* [Supplied material]

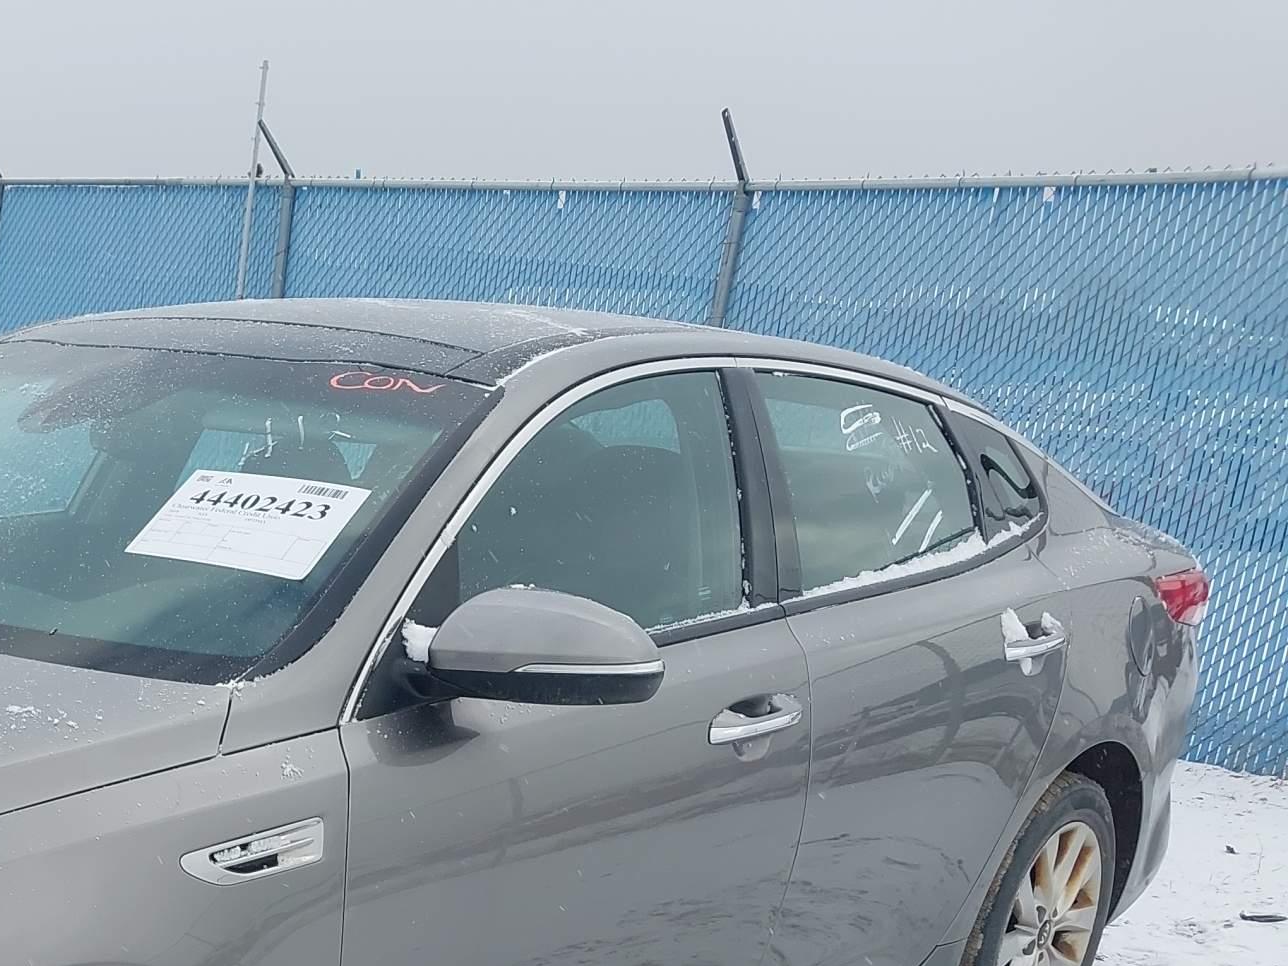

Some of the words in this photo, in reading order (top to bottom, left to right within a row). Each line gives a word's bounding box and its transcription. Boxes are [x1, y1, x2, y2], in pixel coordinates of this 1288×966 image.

[329, 371, 447, 393] CON
[892, 416, 939, 453] #12
[189, 489, 331, 520] 44402423
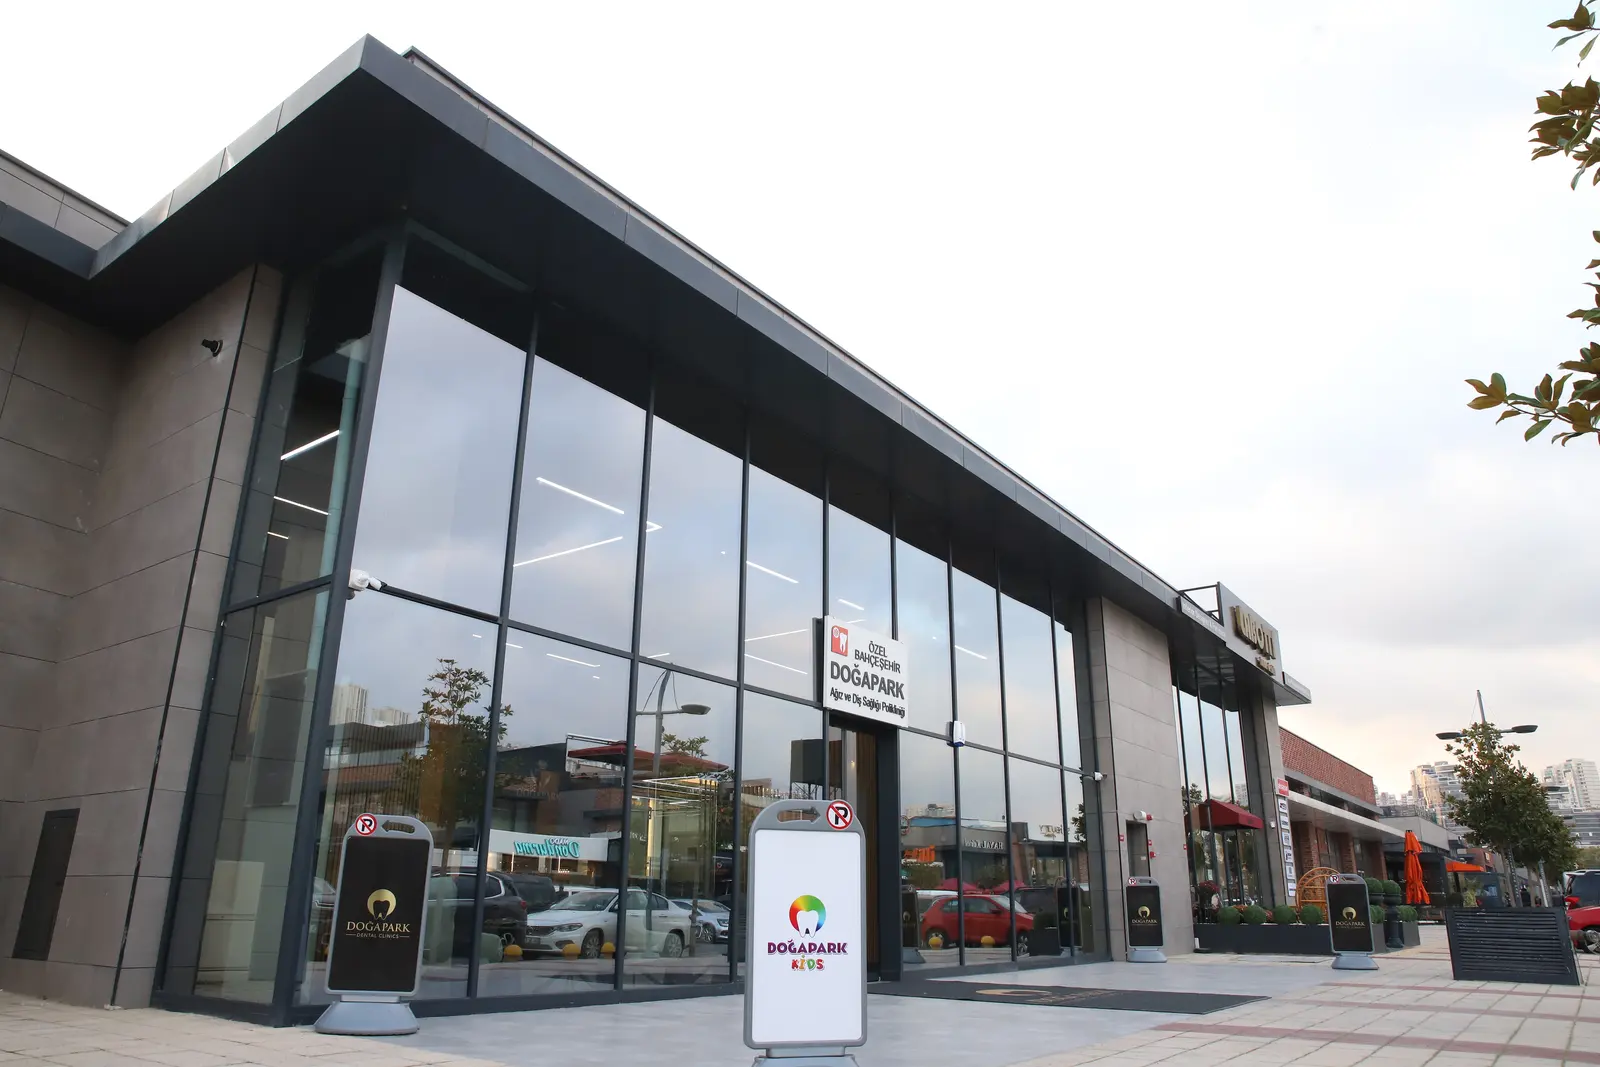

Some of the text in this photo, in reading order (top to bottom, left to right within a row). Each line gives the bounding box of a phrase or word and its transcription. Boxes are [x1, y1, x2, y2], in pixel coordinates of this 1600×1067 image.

[869, 641, 887, 657] ÖZEL
[855, 649, 900, 673] BAHÇEŞEHİR
[830, 661, 905, 700] DOĞAPARK
[830, 687, 843, 701] Ağız
[844, 692, 852, 702] ve
[852, 693, 862, 708] Diş
[346, 920, 411, 933] DOĞAPARK
[767, 939, 848, 955] DOĞAPARK
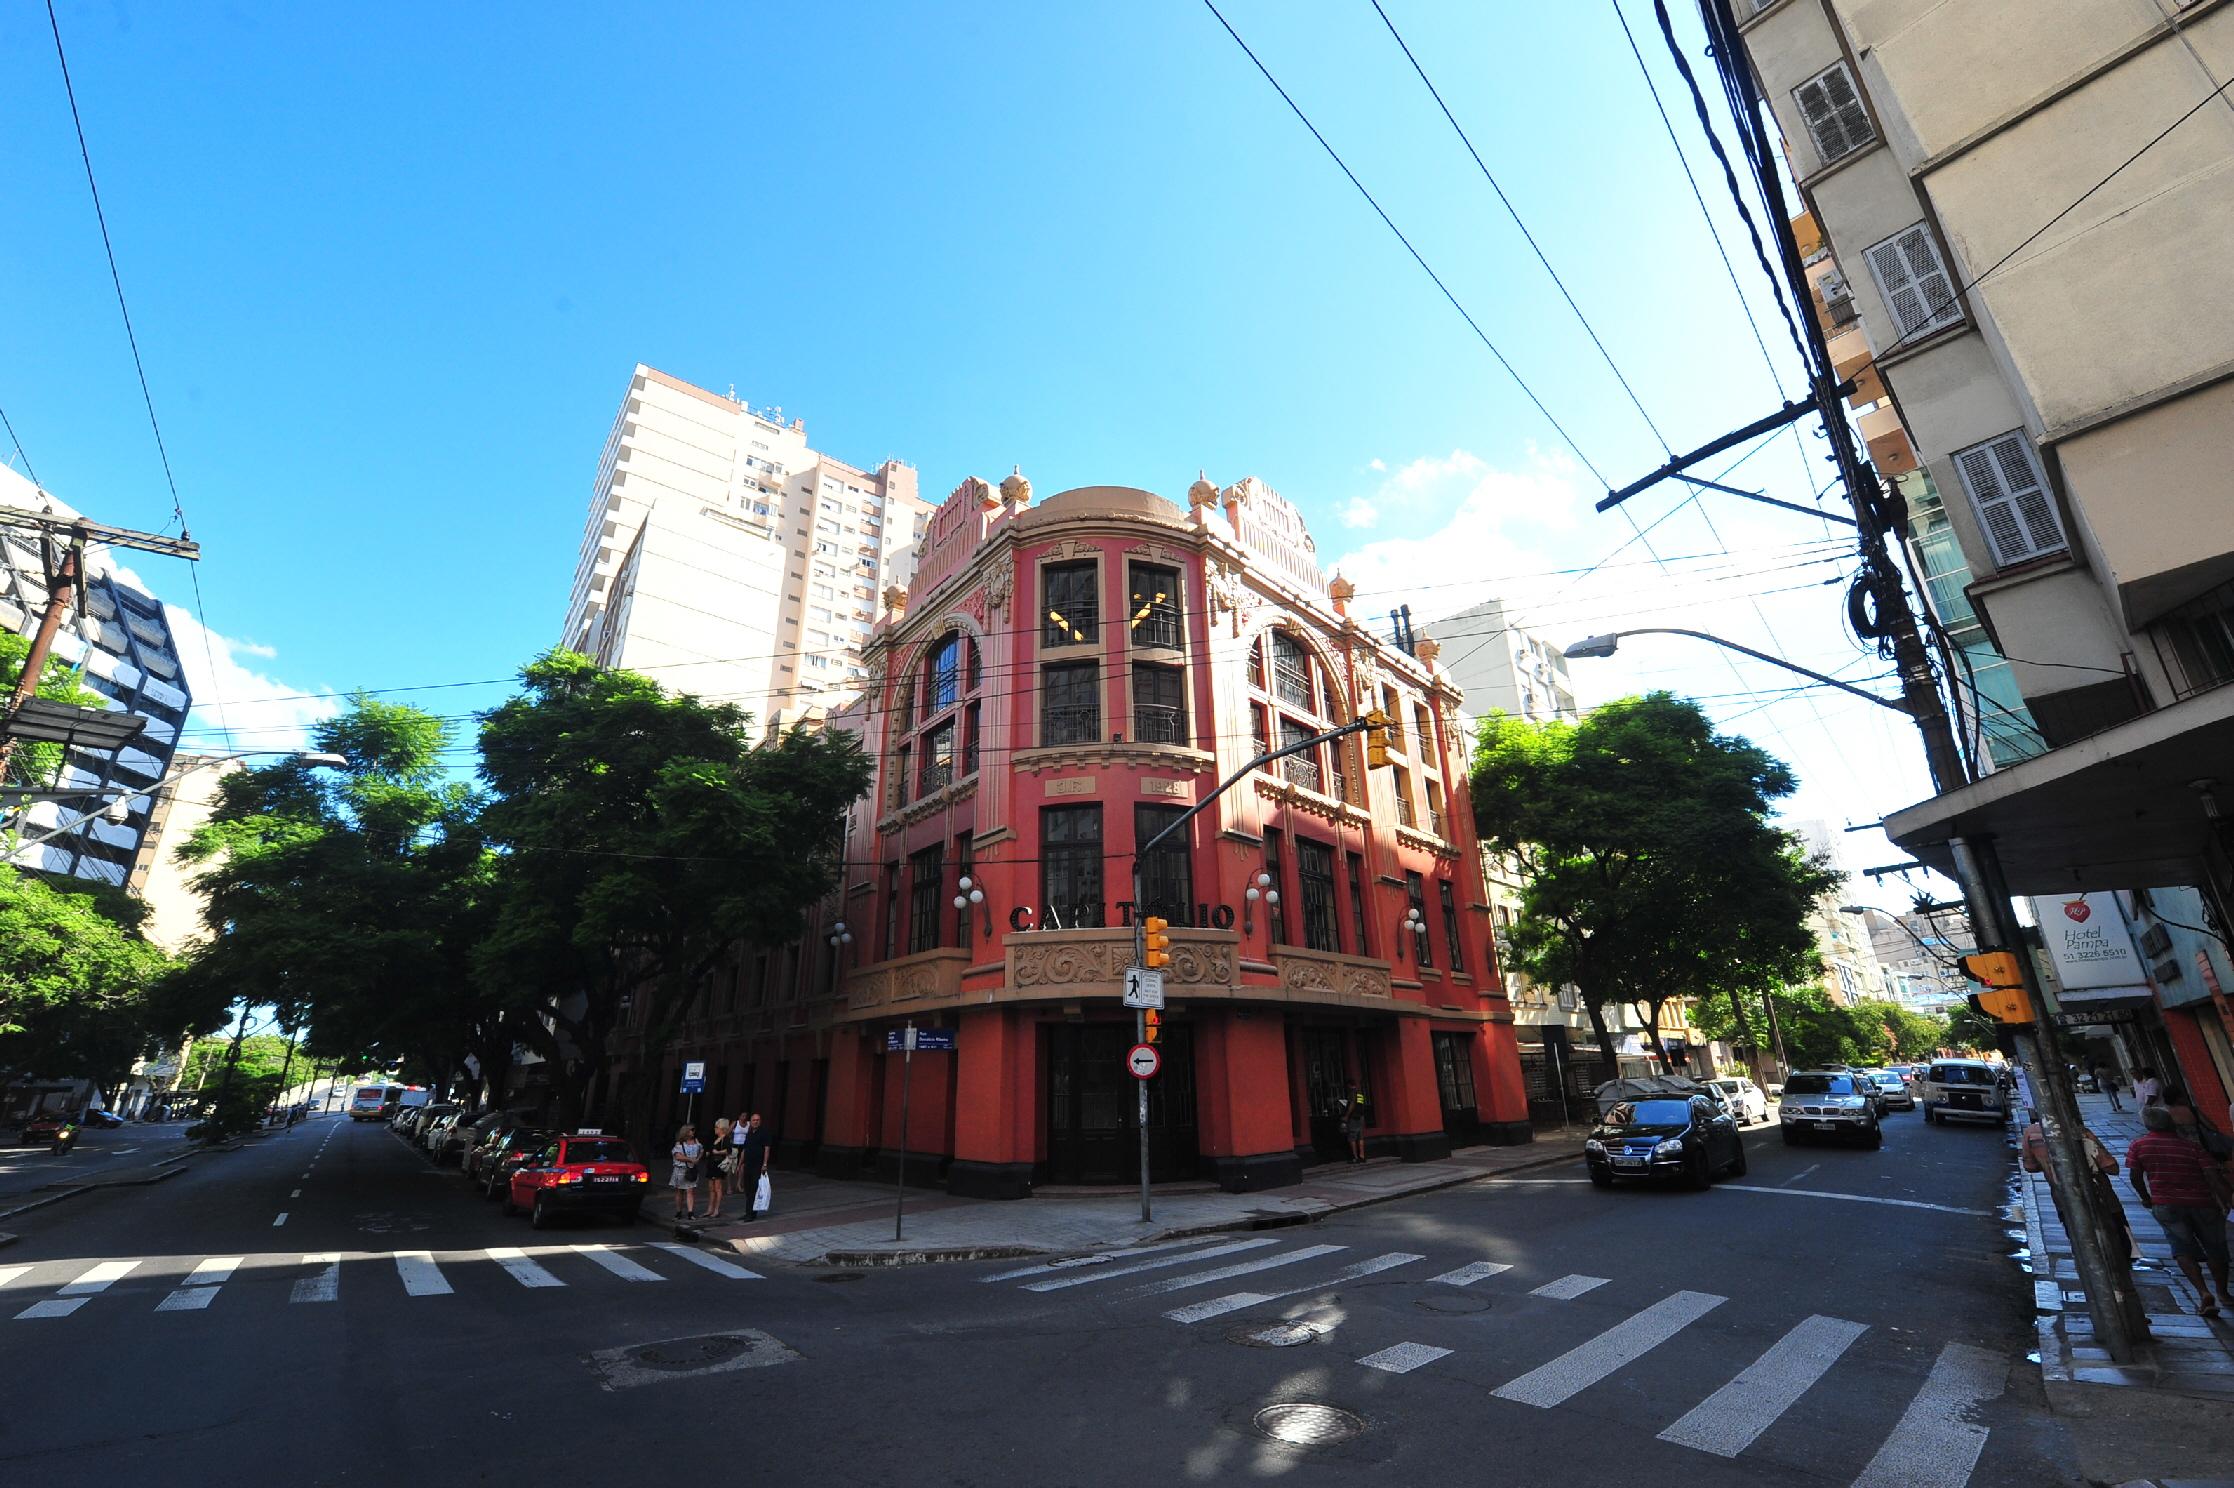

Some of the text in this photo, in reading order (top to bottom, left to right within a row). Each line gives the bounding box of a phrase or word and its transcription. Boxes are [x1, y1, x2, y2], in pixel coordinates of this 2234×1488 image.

[2064, 925, 2101, 941] Hotel
[2066, 939, 2109, 951] Pampa
[2077, 950, 2101, 959] 3226
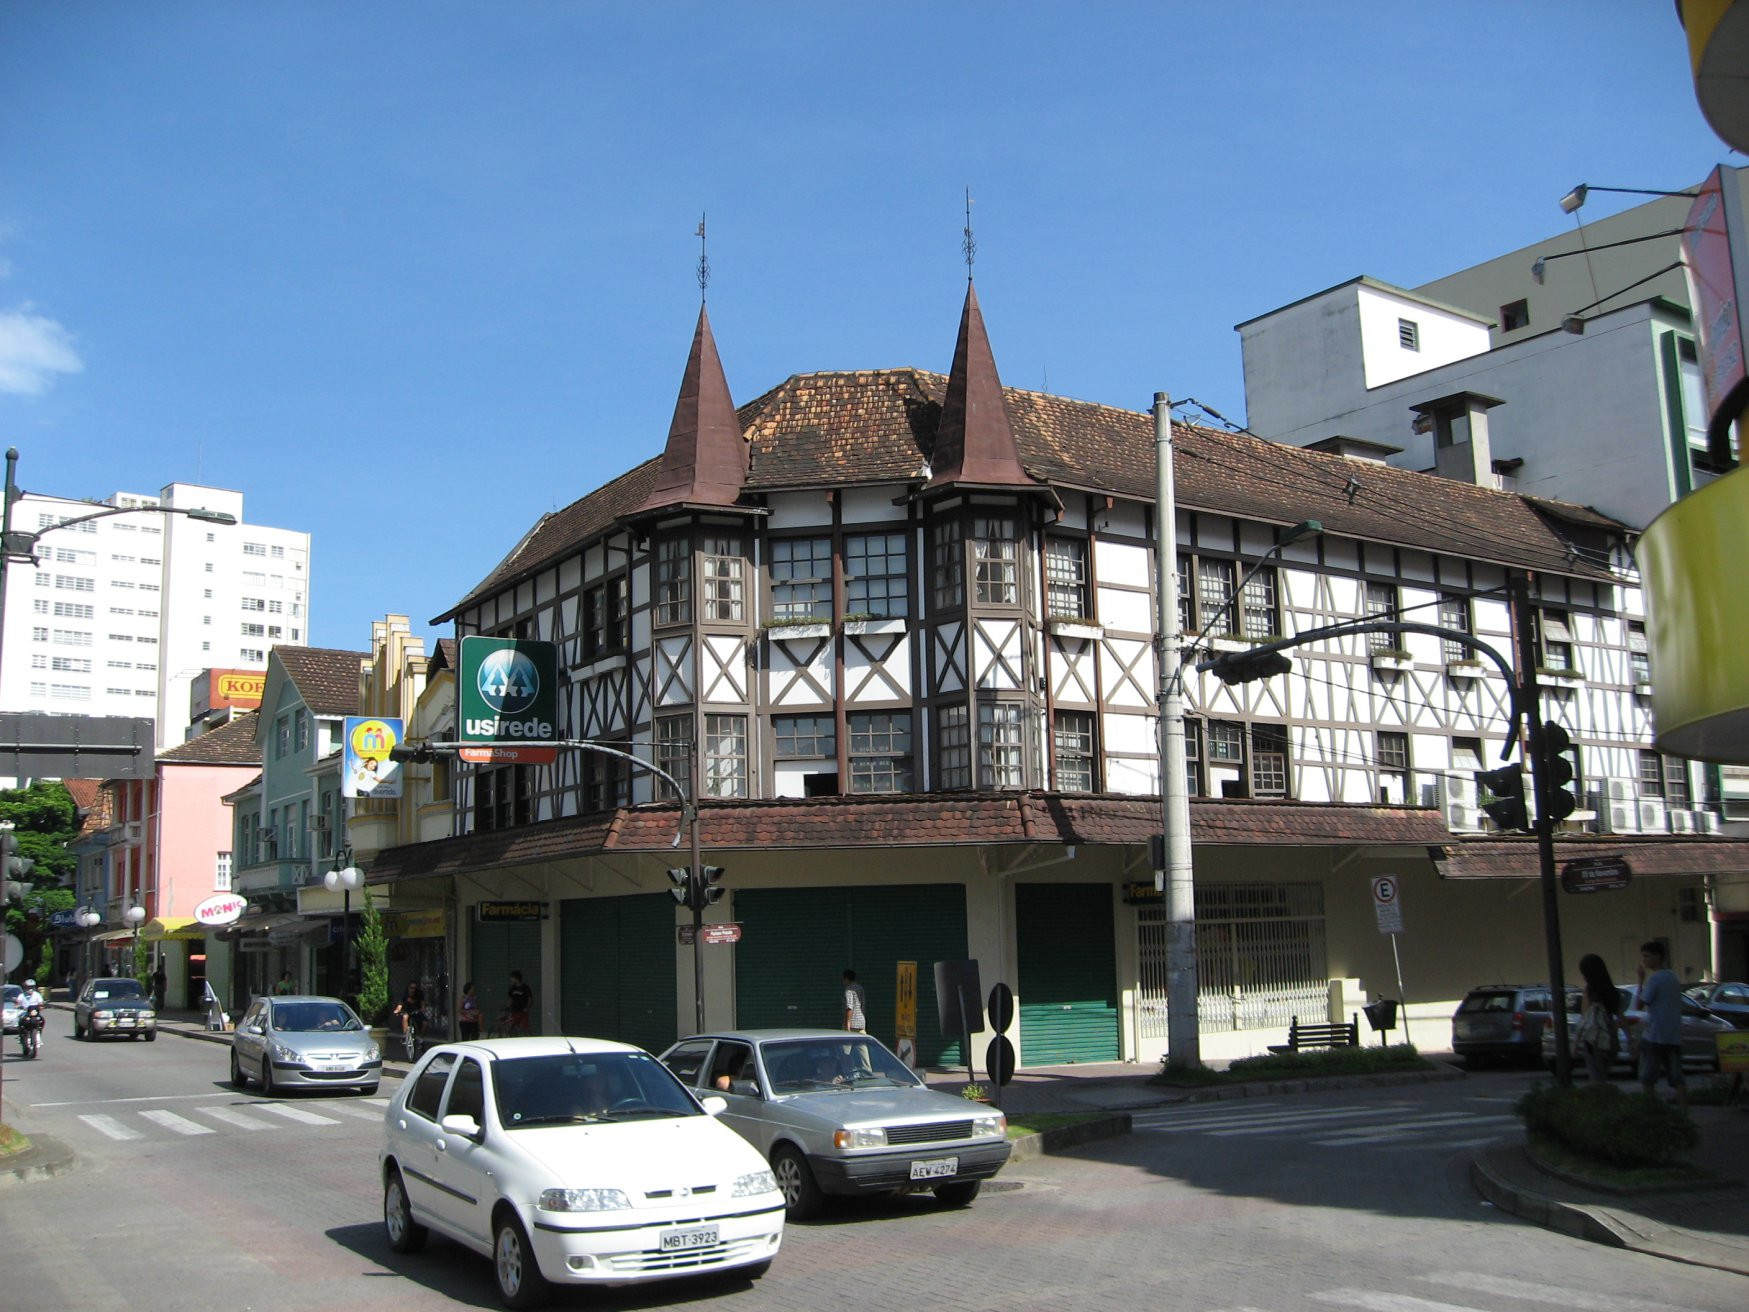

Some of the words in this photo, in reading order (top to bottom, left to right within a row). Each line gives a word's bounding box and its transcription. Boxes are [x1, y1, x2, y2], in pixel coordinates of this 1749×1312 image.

[466, 715, 552, 738] usirede
[464, 747, 518, 760] FarmaShop
[1380, 882, 1390, 898] E
[482, 902, 539, 916] Farmácia

* [Exercise]
Give every record again without changing a word. Exclude the pictures.

* [Output for this task]
Some of the words in this photo, in reading order (top to bottom, left to right within a row). Each line gives a word's bounding box and its transcription. Boxes are [x1, y1, x2, y2], in pixel coordinates of this 1288×966 image.

[329, 371, 447, 393] CON
[892, 416, 939, 453] #12
[189, 489, 331, 520] 44402423

Some of the text in this photo, in reading order (top to bottom, left to right within a row). Each line gives the bounding box of a phrase or word and its transcription. Boxes are [x1, y1, x2, y2], in pixel coordinates of this 1600×1067 image.

[869, 641, 887, 657] ÖZEL
[855, 649, 900, 673] BAHÇEŞEHİR
[830, 661, 905, 700] DOĞAPARK
[830, 687, 843, 701] Ağız
[844, 692, 852, 702] ve
[852, 693, 862, 708] Diş
[346, 920, 411, 933] DOĞAPARK
[767, 939, 848, 955] DOĞAPARK

Some of the text in this photo, in reading order (top to bottom, left to right within a row). Each line gives the bounding box of a phrase or word and its transcription. Boxes are [x1, y1, x2, y2], in pixel coordinates of this 2234×1488 image.

[2064, 925, 2101, 941] Hotel
[2066, 939, 2109, 951] Pampa
[2077, 950, 2101, 959] 3226

Some of the words in this photo, in reading order (top to bottom, left to right within a row). Each line gives a word's bounding box and its transcription. Boxes are [x1, y1, x2, y2], in pixel coordinates of this 1749×1312 image.

[466, 715, 552, 738] usirede
[464, 747, 518, 760] FarmaShop
[1380, 882, 1390, 898] E
[482, 902, 539, 916] Farmácia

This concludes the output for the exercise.